* _Aim of the exercise_: The records below must be copied in full; omit the images.

Spatial localization data:

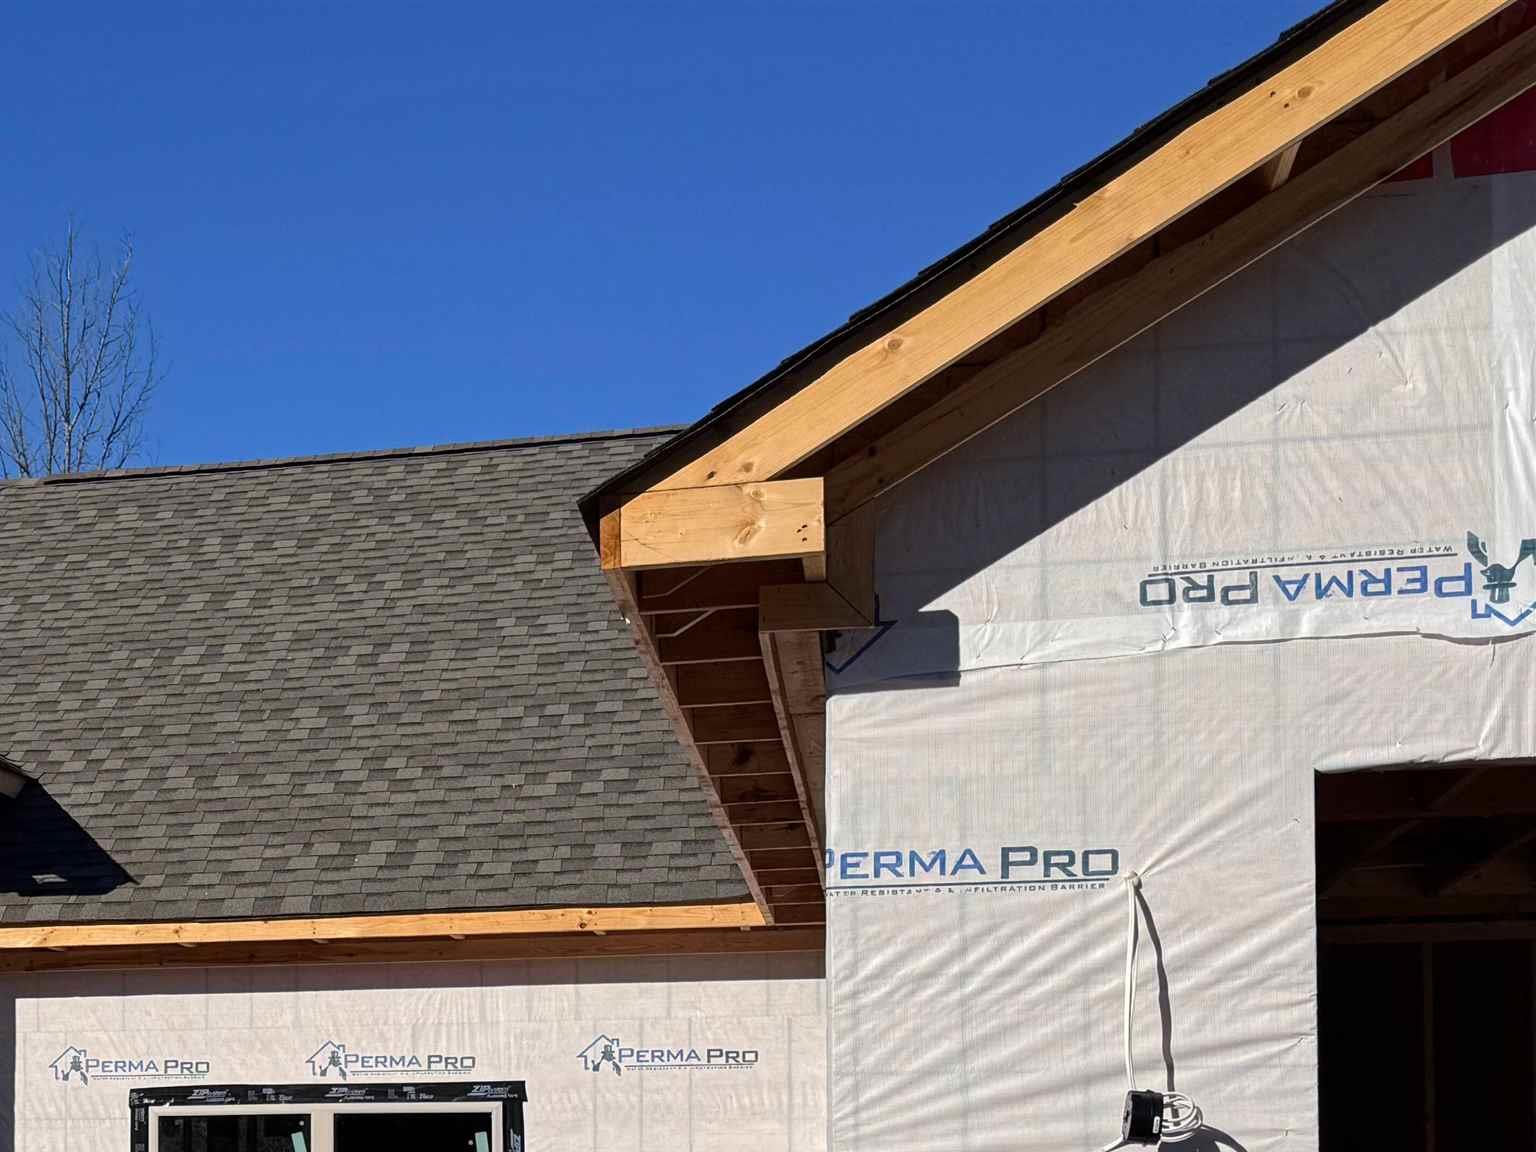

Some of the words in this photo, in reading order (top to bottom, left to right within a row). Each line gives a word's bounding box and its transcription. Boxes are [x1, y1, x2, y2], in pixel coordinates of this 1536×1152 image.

[1139, 571, 1260, 607] PRO
[1272, 561, 1472, 601] PERMA
[1000, 845, 1120, 880] PRO
[961, 884, 1046, 894] FILTRATION
[344, 1053, 422, 1069] PERMA
[427, 1054, 476, 1070] PRO
[618, 1047, 702, 1063] PERMA
[707, 1048, 759, 1063] PRO
[85, 1058, 159, 1074] PERMA
[164, 1059, 210, 1075] PRO
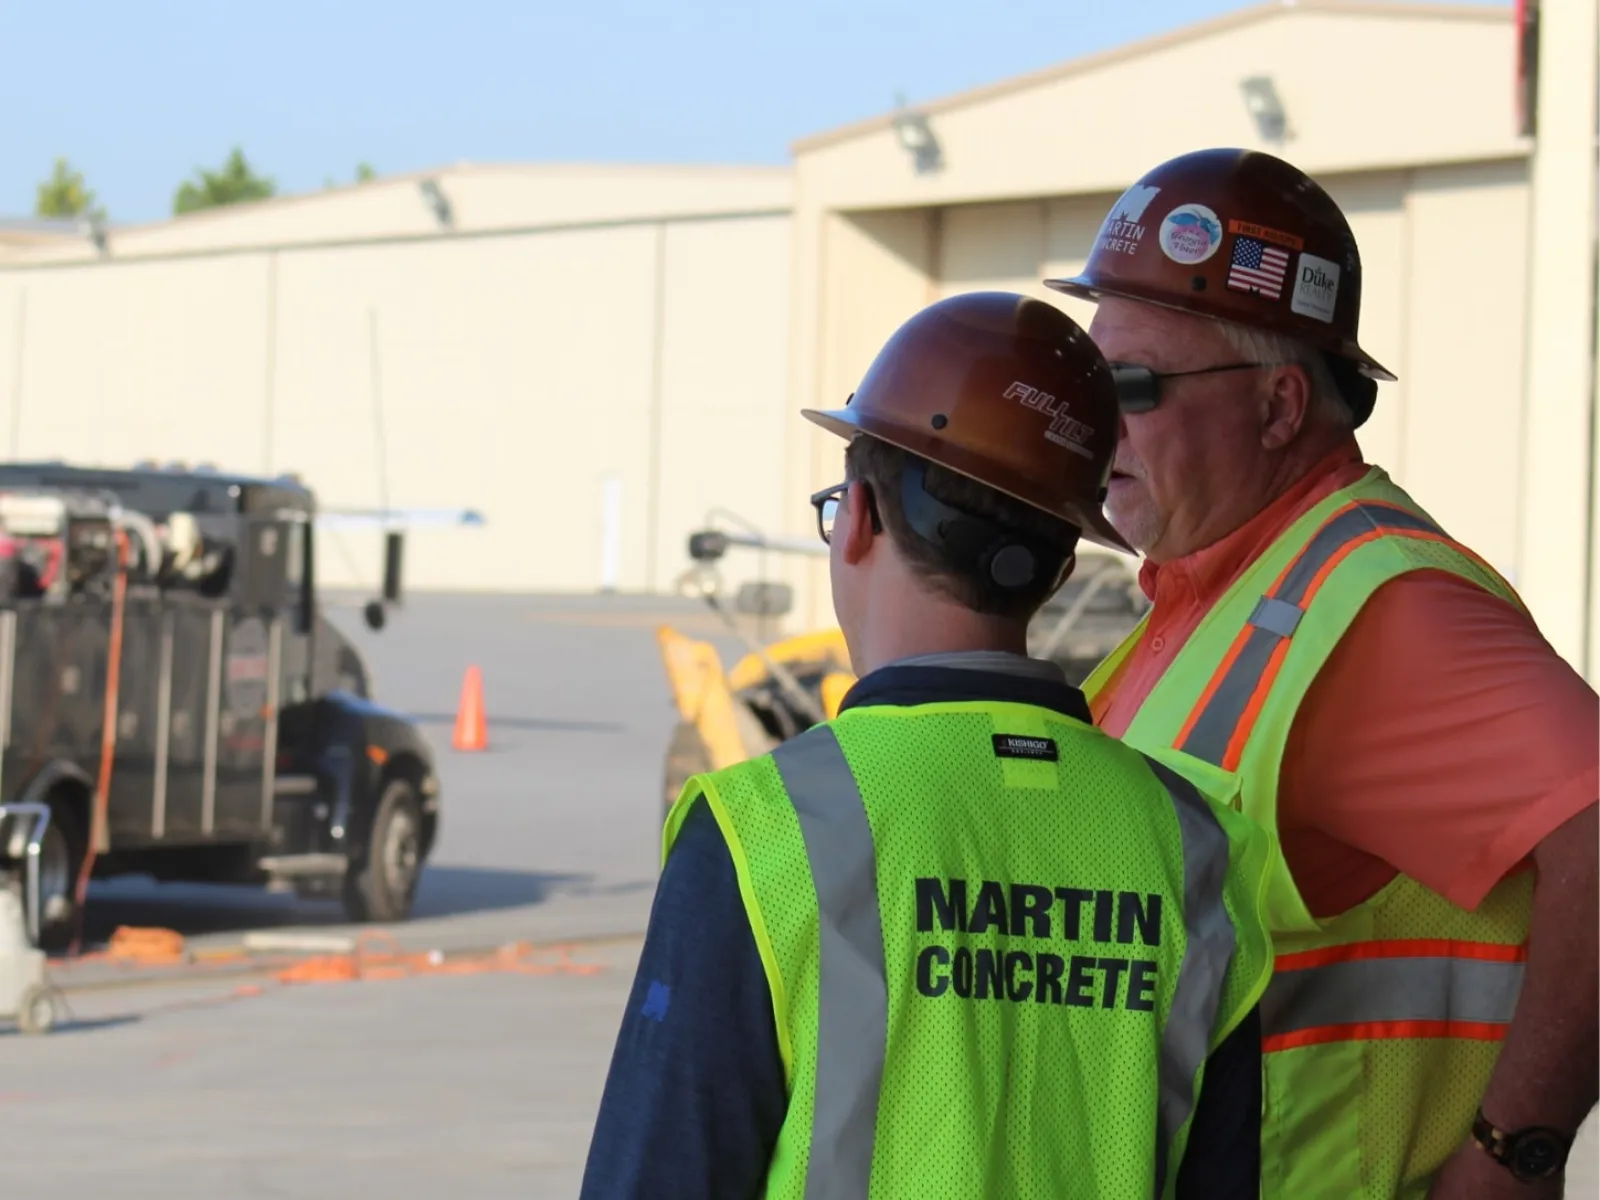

* _Final answer_:
Some of the words in this photo, in reading order (top to bottom, left to right within a row). Each line gives a word's bounding box and its transcription. Boxes are [x1, y1, x2, y2], in pixel coordinates of this 1536×1152 image.

[1139, 571, 1260, 607] PRO
[1272, 561, 1472, 601] PERMA
[1000, 845, 1120, 880] PRO
[961, 884, 1046, 894] FILTRATION
[344, 1053, 422, 1069] PERMA
[427, 1054, 476, 1070] PRO
[618, 1047, 702, 1063] PERMA
[707, 1048, 759, 1063] PRO
[85, 1058, 159, 1074] PERMA
[164, 1059, 210, 1075] PRO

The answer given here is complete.